Could you restate the data below word for word, without its pictures?

* [INPUT FOR THIS TASK]
····················
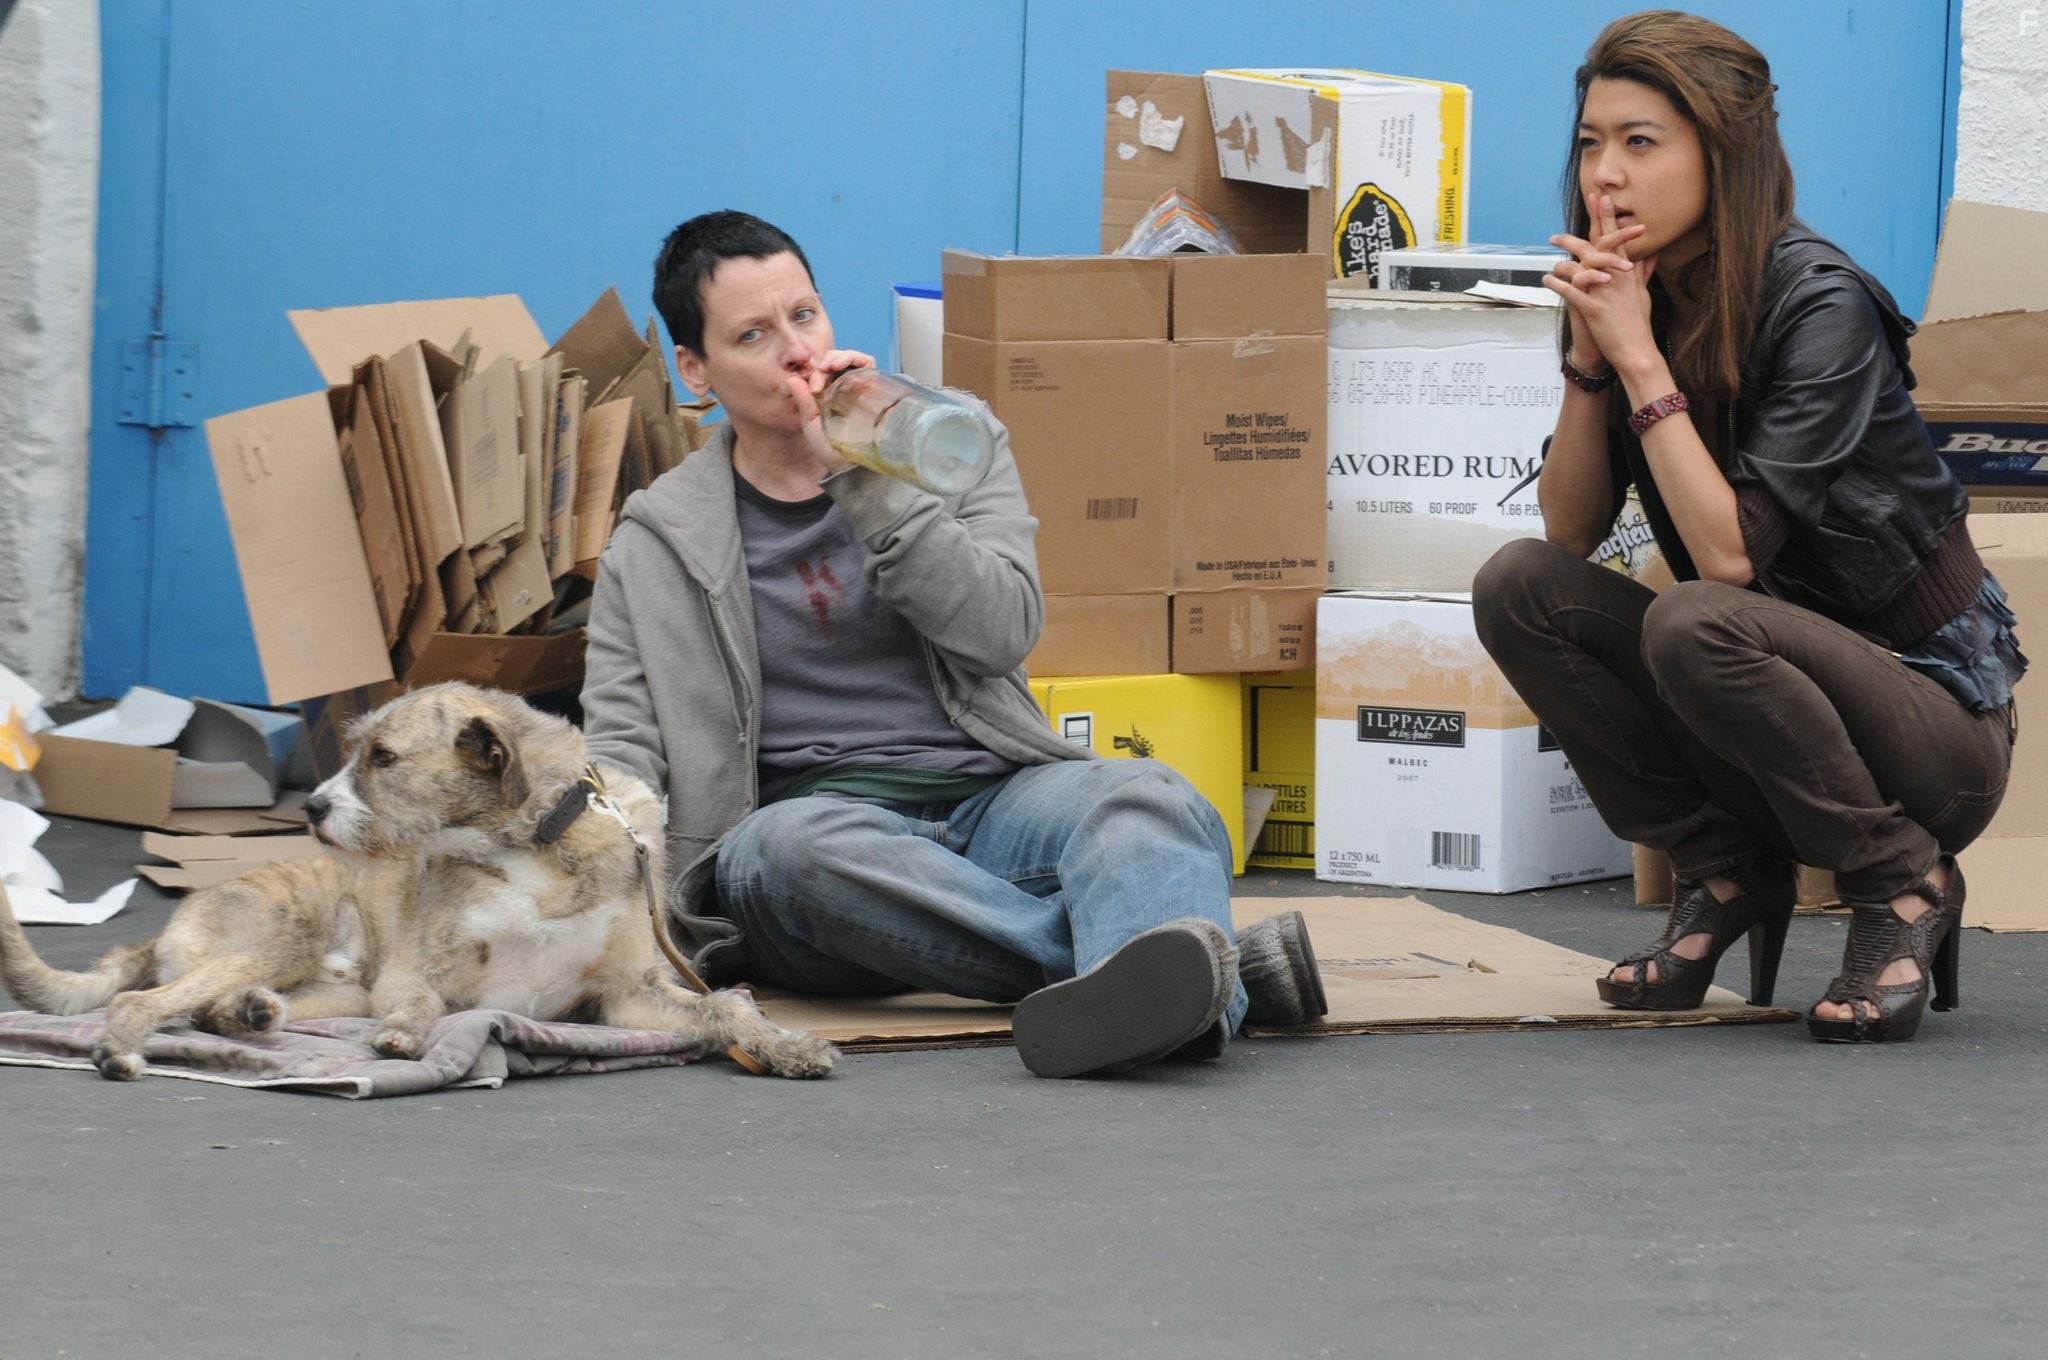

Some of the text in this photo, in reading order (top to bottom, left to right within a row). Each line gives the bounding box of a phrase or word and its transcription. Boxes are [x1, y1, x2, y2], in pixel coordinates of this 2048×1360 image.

[1226, 412, 1289, 429] Moist Wipes/
[1204, 431, 1248, 448] Lingettes
[1213, 446, 1254, 462] Toallitas
[1327, 454, 1536, 479] AVORED RUM
[1356, 500, 1378, 512] 10.5
[1380, 500, 1413, 514] LITERS
[1429, 502, 1442, 514] 60
[1445, 502, 1477, 515] PROOF
[1389, 757, 1429, 767] MALBEC
[1271, 800, 1306, 814] LITRES
[1329, 850, 1338, 860] 12
[1346, 852, 1363, 862] 750
[1366, 854, 1380, 864] ML
[1337, 870, 1373, 878] ARGENTINA
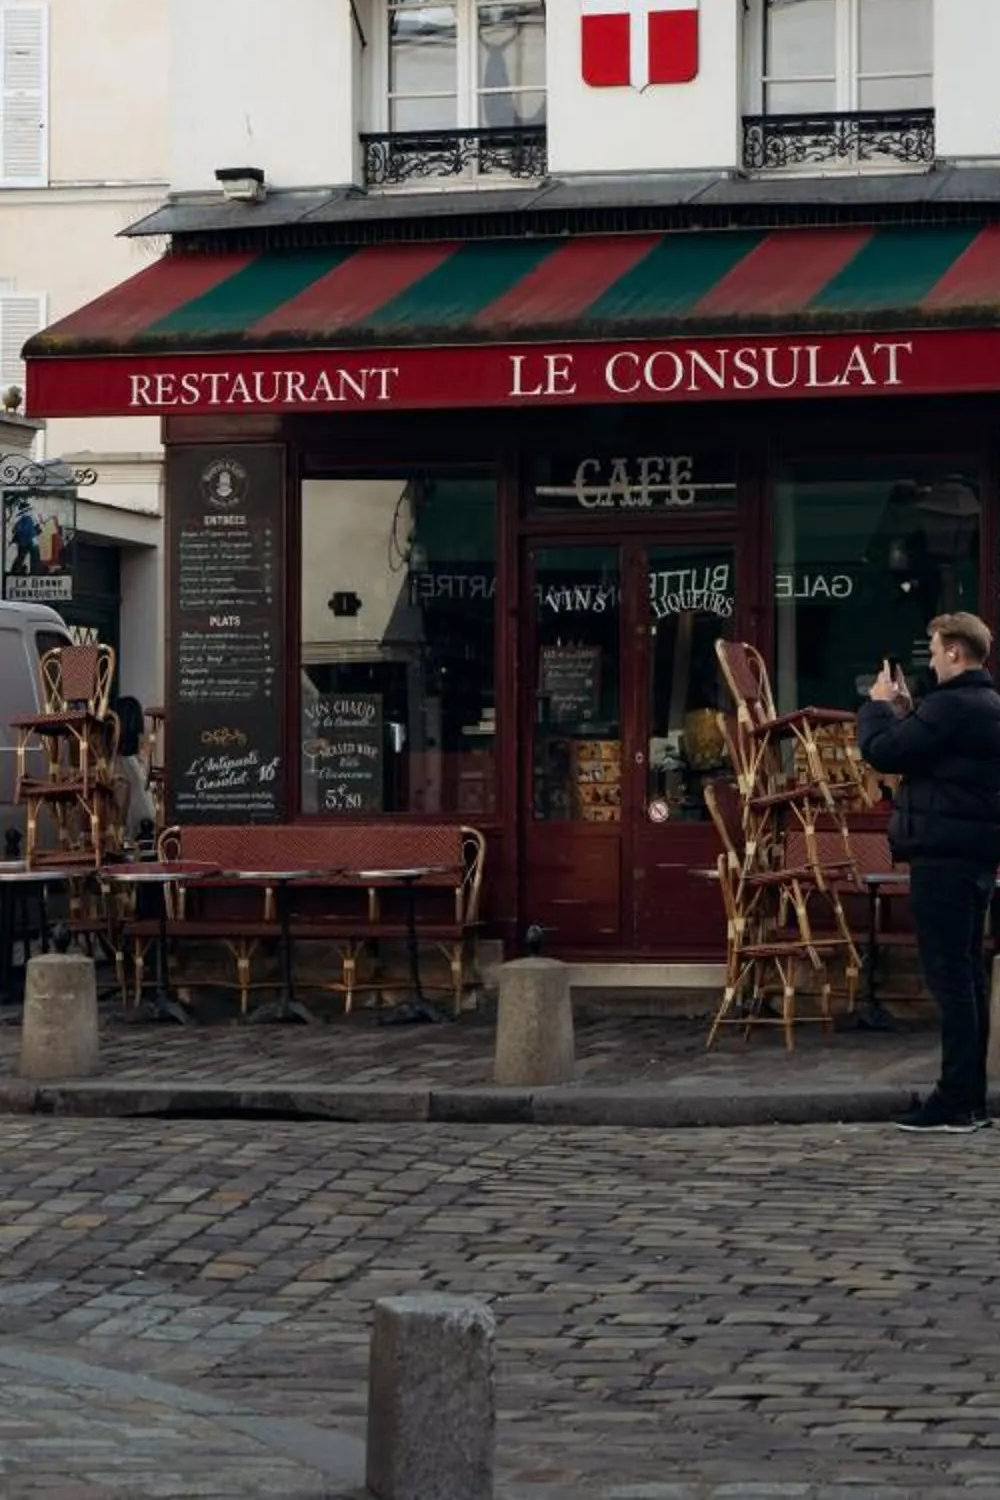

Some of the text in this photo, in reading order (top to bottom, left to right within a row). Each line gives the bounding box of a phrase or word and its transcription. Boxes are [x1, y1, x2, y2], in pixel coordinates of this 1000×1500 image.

[129, 341, 912, 407] RESTAURANT LE CONSULAT
[545, 587, 607, 613] VINS
[650, 591, 735, 619] LIQUEURS
[209, 615, 241, 627] PLATS
····················
* [SOLUTION]
Some of the text in this photo, in reading order (top to bottom, left to right within a row). Each line gives the bounding box of a phrase or word and its transcription. Boxes are [x1, y1, x2, y2], in pixel coordinates of this 2048×1360 image.

[1226, 412, 1289, 429] Moist Wipes/
[1204, 431, 1248, 448] Lingettes
[1213, 446, 1254, 462] Toallitas
[1327, 454, 1536, 479] AVORED RUM
[1356, 500, 1378, 512] 10.5
[1380, 500, 1413, 514] LITERS
[1429, 502, 1442, 514] 60
[1445, 502, 1477, 515] PROOF
[1389, 757, 1429, 767] MALBEC
[1271, 800, 1306, 814] LITRES
[1329, 850, 1338, 860] 12
[1346, 852, 1363, 862] 750
[1366, 854, 1380, 864] ML
[1337, 870, 1373, 878] ARGENTINA

Some of the text in this photo, in reading order (top to bottom, left to right within a row). Each line gives the bounding box of a phrase or word and its transcription. Boxes are [x1, y1, x2, y2], in pixel coordinates of this 1000×1500 image.

[129, 341, 912, 407] RESTAURANT LE CONSULAT
[545, 587, 607, 613] VINS
[650, 591, 735, 619] LIQUEURS
[209, 615, 241, 627] PLATS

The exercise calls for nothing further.